In 2019, the UA sent “Woman-Ochre” to the Getty and Ulrich Birkmaier, the Getty’s senior conservator of painting.
Birkmaier said that judging from the extensive damage to the painting, the thieves were unaware that the painting had a secondary canvas that was used to reinforce the original canvas after it was damaged in 1974. When the thief cut the painting from its frame, they likely expected the painting to slide easily from the frame, “but it was still attached to something,” Birkmaier said, describing the theft as an act of violence.
“They must have been miffed by the fact that it was not coming out of the frame,” he said. “When they cut into the painting, they didn’t realize it was adhered to that secondary canvas. They simply pulled the de Kooning canvas off that secondary canvas. By ripping it off, they caused all these horizontal lines where the paint flaked off where it was ripped off that secondary canvas.”
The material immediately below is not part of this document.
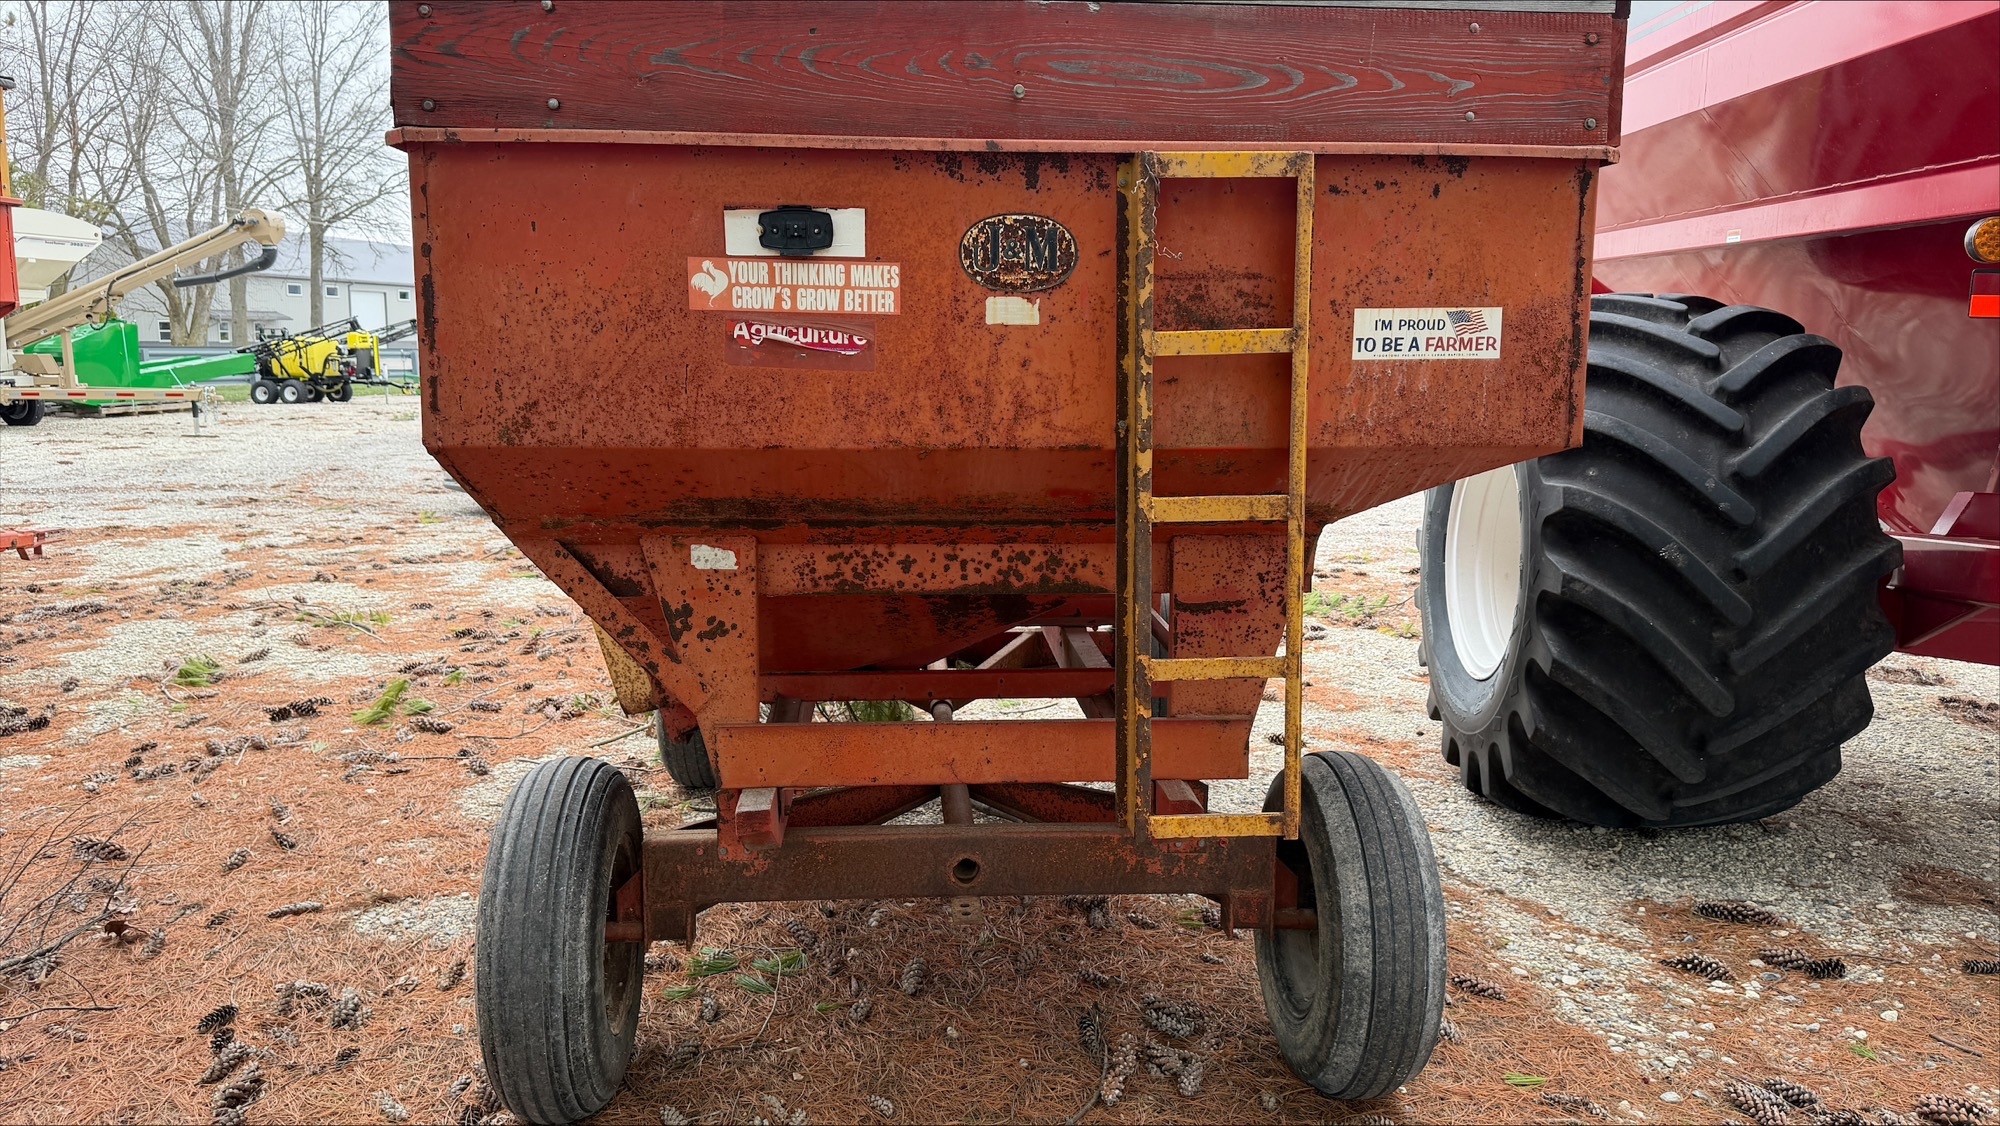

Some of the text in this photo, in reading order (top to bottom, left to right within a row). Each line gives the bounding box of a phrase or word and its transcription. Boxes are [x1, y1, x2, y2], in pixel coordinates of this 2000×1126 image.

That was the first issue that Birkmaier and Tom Learner, senior scientist and head of the Getty Conservation Institute, had to address. They also had to reattach the painting’s original borders to the canvas. The UA museum had kept the original frame all those years with the canvas remnants still intact, which made the Getty’s job a little easier, Birkmaier said.
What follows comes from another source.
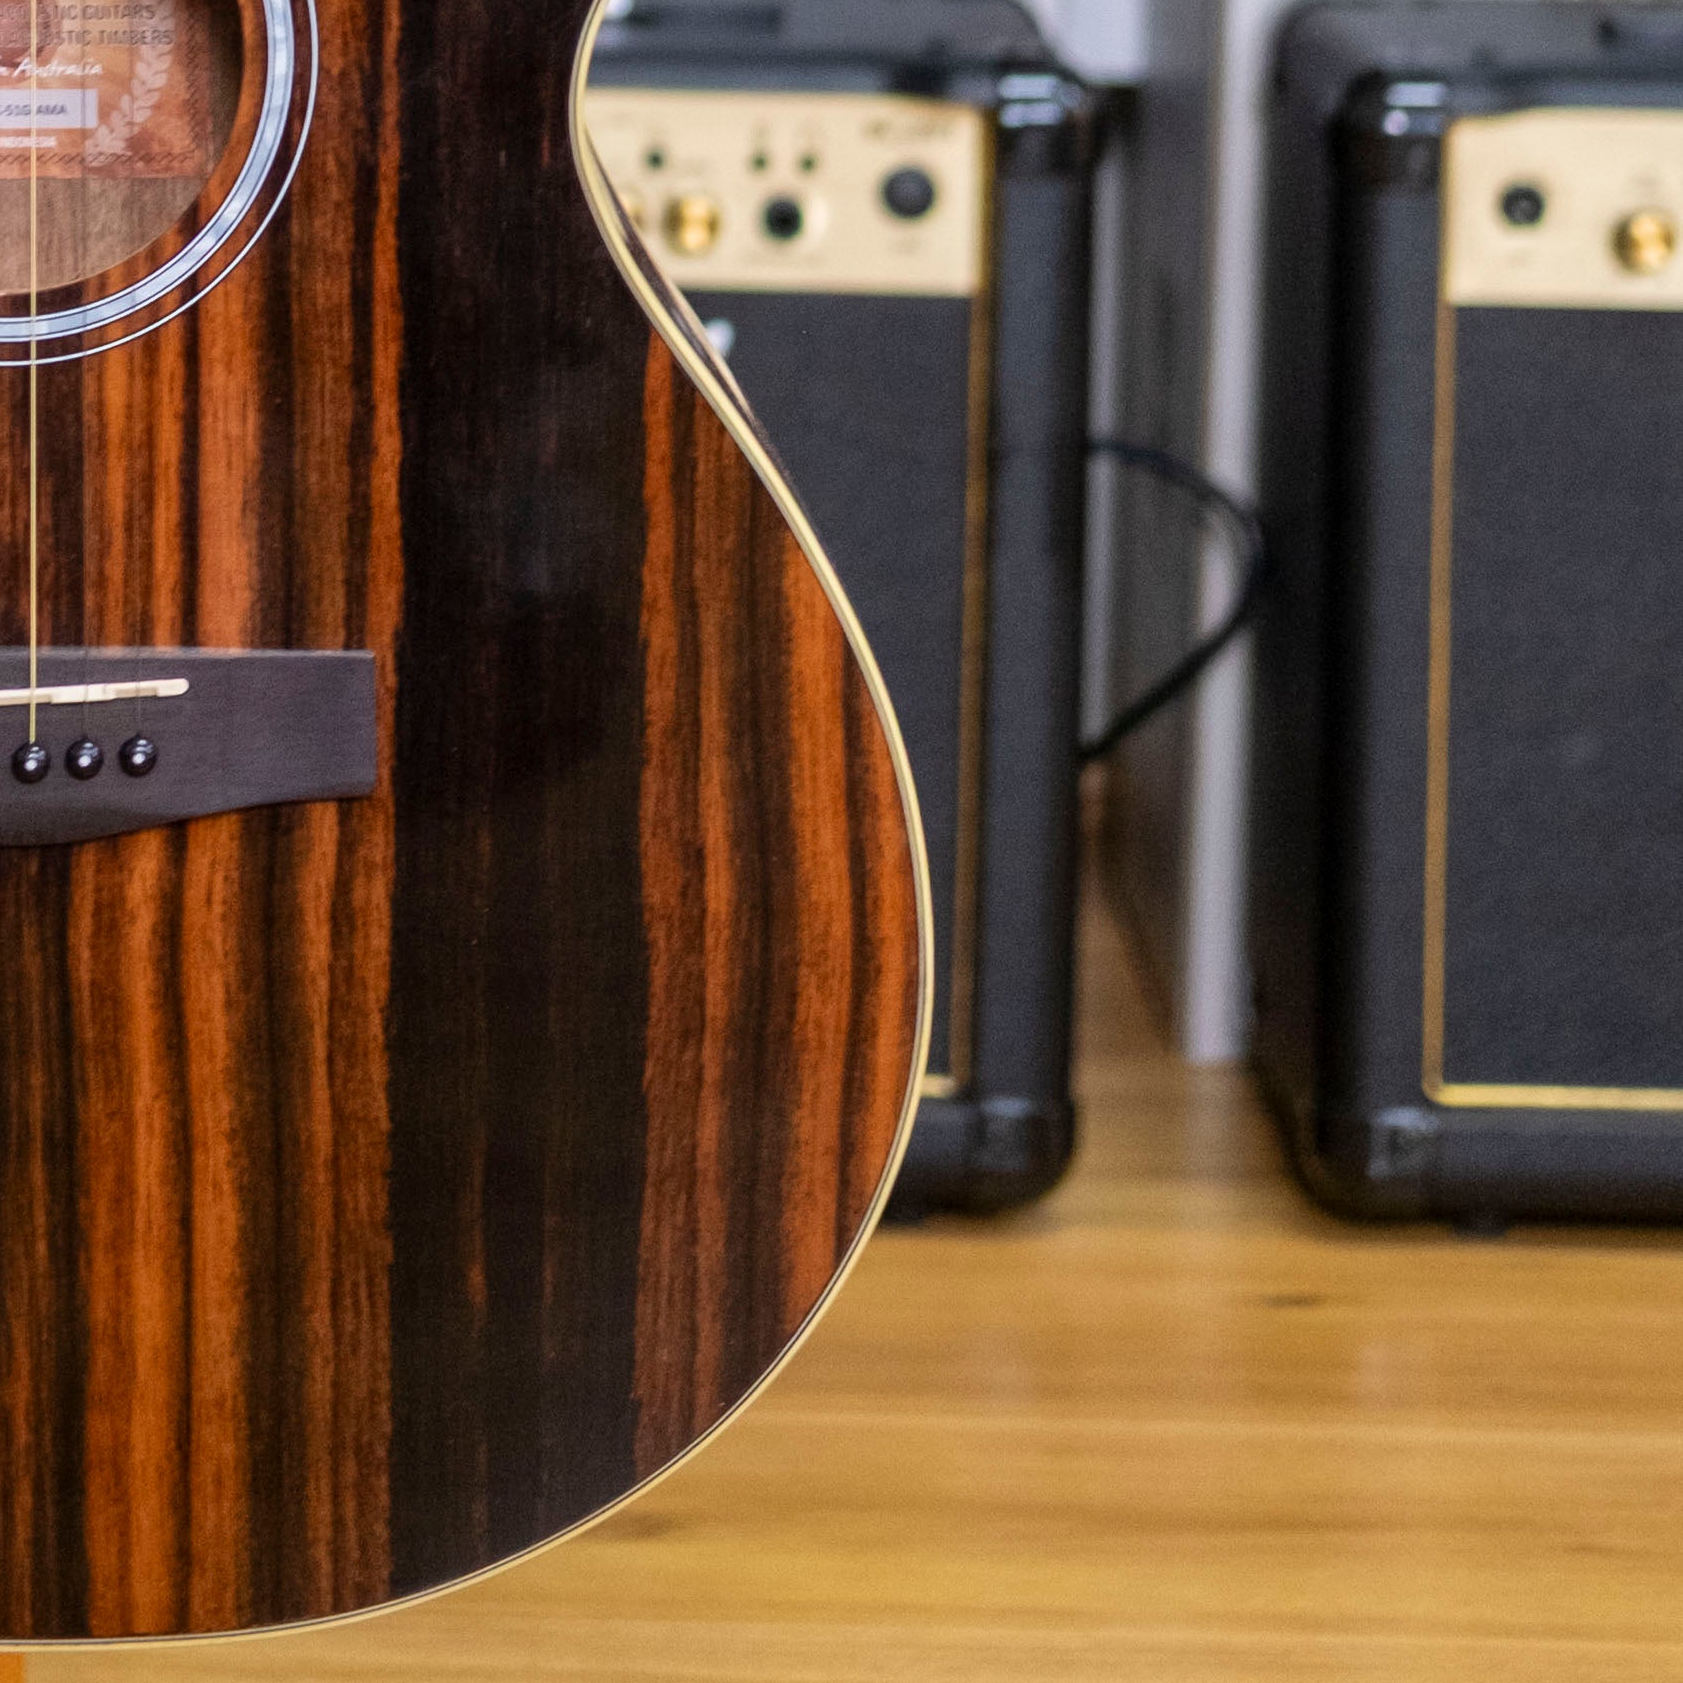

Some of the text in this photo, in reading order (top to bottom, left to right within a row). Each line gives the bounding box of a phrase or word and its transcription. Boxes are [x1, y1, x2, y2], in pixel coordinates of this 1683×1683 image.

[82, 4, 155, 20] GUITARS
[98, 30, 175, 46] TIMBERS
[11, 57, 104, 78] Australia
“Thankfully Arizona kept that,” he said.
The Getty began the restoration in spring 2019 but was delayed a year due to the pandemic. In all it took two years and hundreds of man hours that included remarrying the cutout canvas to its original borders and painstakenly inpainting the areas where the original paint had flaked.
The famed Getty Museum restored the famous painting that was stolen from the UA Museum of Art in 1985.
The work was finished in May and went on display in the Los Angeles museum from June through Aug. 28.
“Just like with the Jackson Pollock Mural, the painting that was restored at the Getty some years ago, these conservation exhibitions are one of the more popular exhibitions in the museums,” Birkmaier said “Part of the excitement is also due to the crazy story of the theft and the recovery. We are just so happy that we are able to bring it back to life basically. It looked pretty sad when it first came to the Getty.”
Exhibition space ready to display Willem de Kooning’s “Woman-Ochre” at University of Arizona Museum of Art. The painting will soon displayed in public for the first time since being stolen 37 years ago.
Homecoming party
Willem de Kooning’s “Woman-Ochre” returned home to the UA Museum of Art after sunset on Sept. 14, under heavy-armed guard. By some published estimates, the painting is valued at $160 million, although Miller would not disclose its value.
This week the painting will be hung in the main gallery where it will be on display Oct. 8 through May 20; a special fundraising homecoming reception is planned for Friday, Oct. 7.
Next spring, the painting will be rehung in its original second floor space, where it had been since 1959.
Miller said the UA is taking extra security precautions throughout the exhibit and beyond, although she would not disclose details, though she confirmed it will now be kept inside a case.
Birkmaier and his associates and Van Auker and his partners will be on hand for the homecoming event and the exhibit’s opening. Miller said she also invited the Atlers’s nephew, but as of last week had not received an RSVP.
Birkmaier said he and his staff are thrilled to see the painting “returned to the public in Arizona in its rightful place.”
“It is probably the greatest story I’ve ever experienced pertaining to the restoration of a painting,” he said. “It is a bizarre story. I’m just very, very happy that we were able to play a small role in the recovery of the painting.
Van Auker and his partners have visited Tucson several times since returning the painting and “it never failed, whenever we were out shopping or something there was always someone who would recognize us. ‘You guys are the de Kooning guys, aren’t you’,” he said with a laugh.
To think he and his partners had a role in this bizarre story still strikes him as surreal.
“I think it’s going to be a movie, I really do,” he said. “I think it should be a movie because I am fascinated by it.”